Jonathan Zimmerman Leads the Way
From an early point in his career, Dr. Jonathan Zimmerman has gravitated toward leadership, heading up the departments in which he worked. The Floating Hospital is no different. Since January, he has been our behavioral health director, heading its group of licensed psychologists, social workers, case managers, board-certified psychiatrists and psychiatric nurse practitioners, who work together to deliver an essential component of patient care.
“I really buy into the lifelong learning model of medicine. I feel like being in supervisory roles helps you stay educated in what you need to know and stay connected to an academic mindset,” he said. “It’s because you’re teaching, but also being challenged by people with new ideas and responding to that.”
Before he started at the Floating Hospital, he worked for seven years at Mount Sinai Morningside as the medical director for their personality disorder treatment program as well as an assistant professor of psychiatry, where he still teaches on a voluntary basis.
He made the switch because he wanted a new opportunity grounded more in general psychiatry, and The Floating Hospital’s mission to expand access to care appealed to him. “Especially recently, with the increased need of people who don’t have the resources to access it as readily, leading up a behavioral health department that works with this population was appealing,” he said.

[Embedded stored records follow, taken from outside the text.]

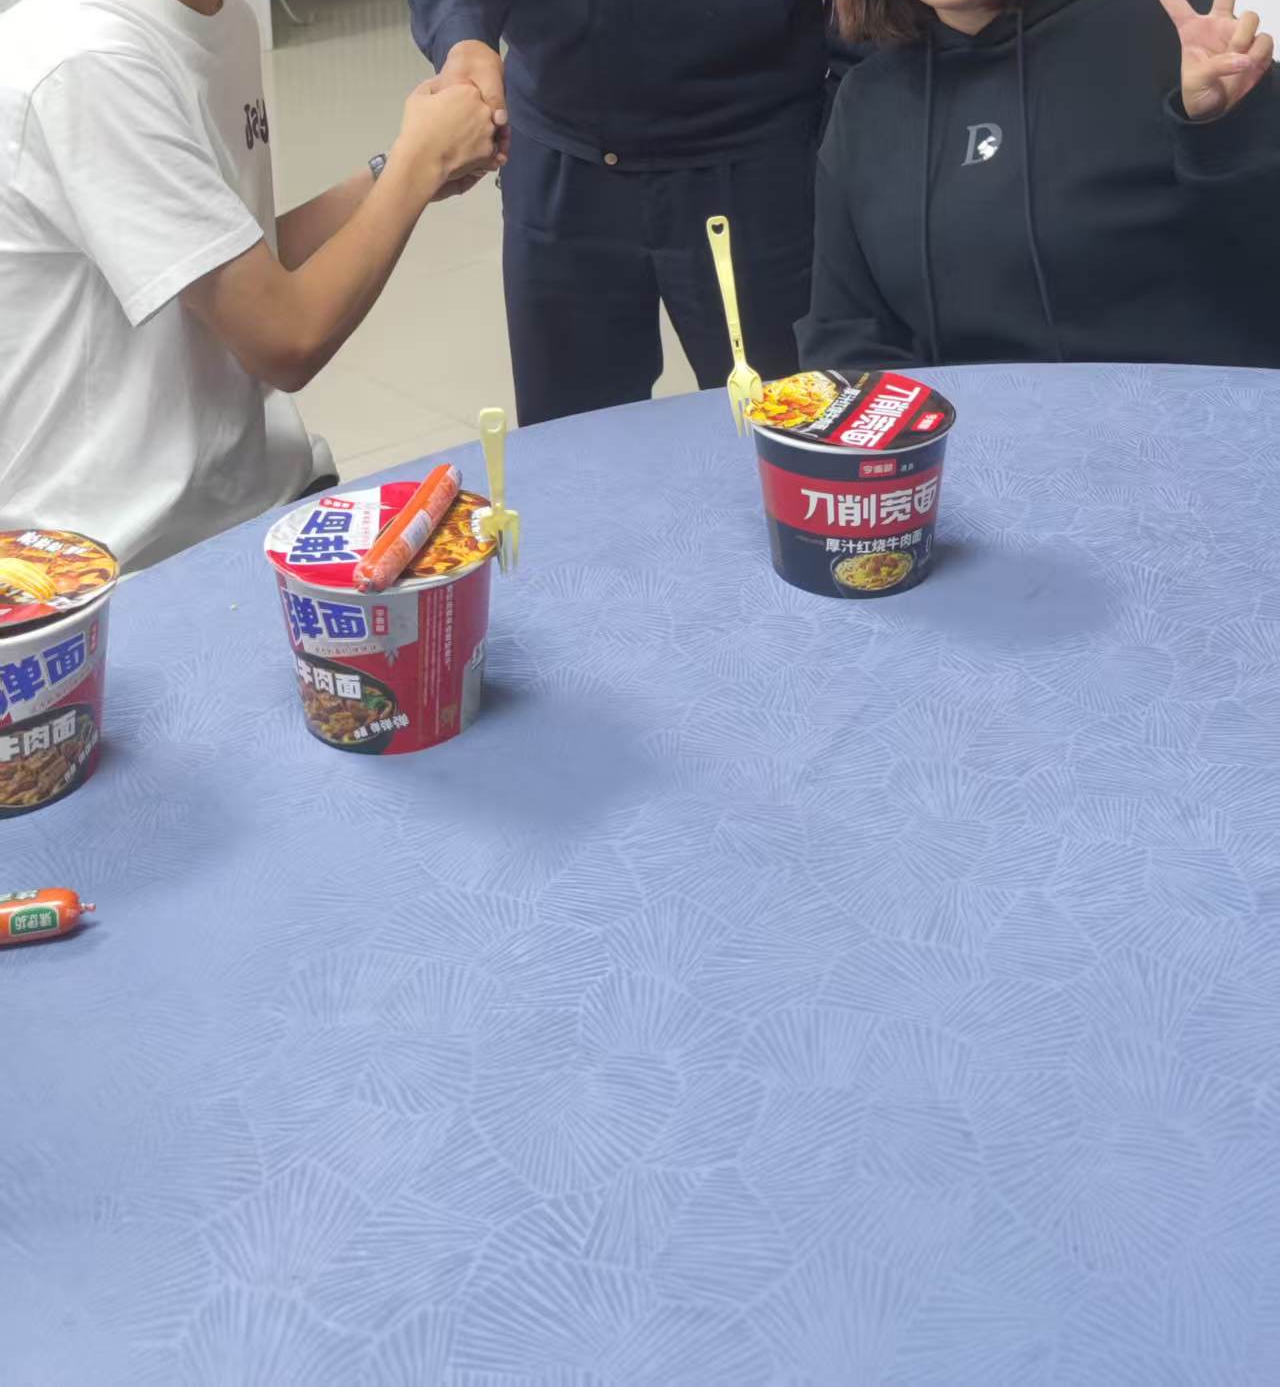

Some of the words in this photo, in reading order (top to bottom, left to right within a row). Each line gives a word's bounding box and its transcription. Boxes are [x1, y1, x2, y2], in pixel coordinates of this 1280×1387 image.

[840, 384, 921, 448] 刀削宽面
[801, 475, 938, 528] 刀削宽面
[288, 509, 358, 563] 弹面
[826, 528, 923, 554] 厚汁红烧牛肉面
[281, 590, 367, 641] 弹面

He saw an opportunity to deliver effective care most efficiently to a large population that was both enticing and rewarding.
Treating the patients
Regarding his approach to care, he said, “I’m very interested in personality and how it develops in terms of understanding people.” His career has reflected that whether at Mount Sinai or at Staten Island University Hospital, where he supervised psychiatry residents as the director of its outpatient psychotherapy program.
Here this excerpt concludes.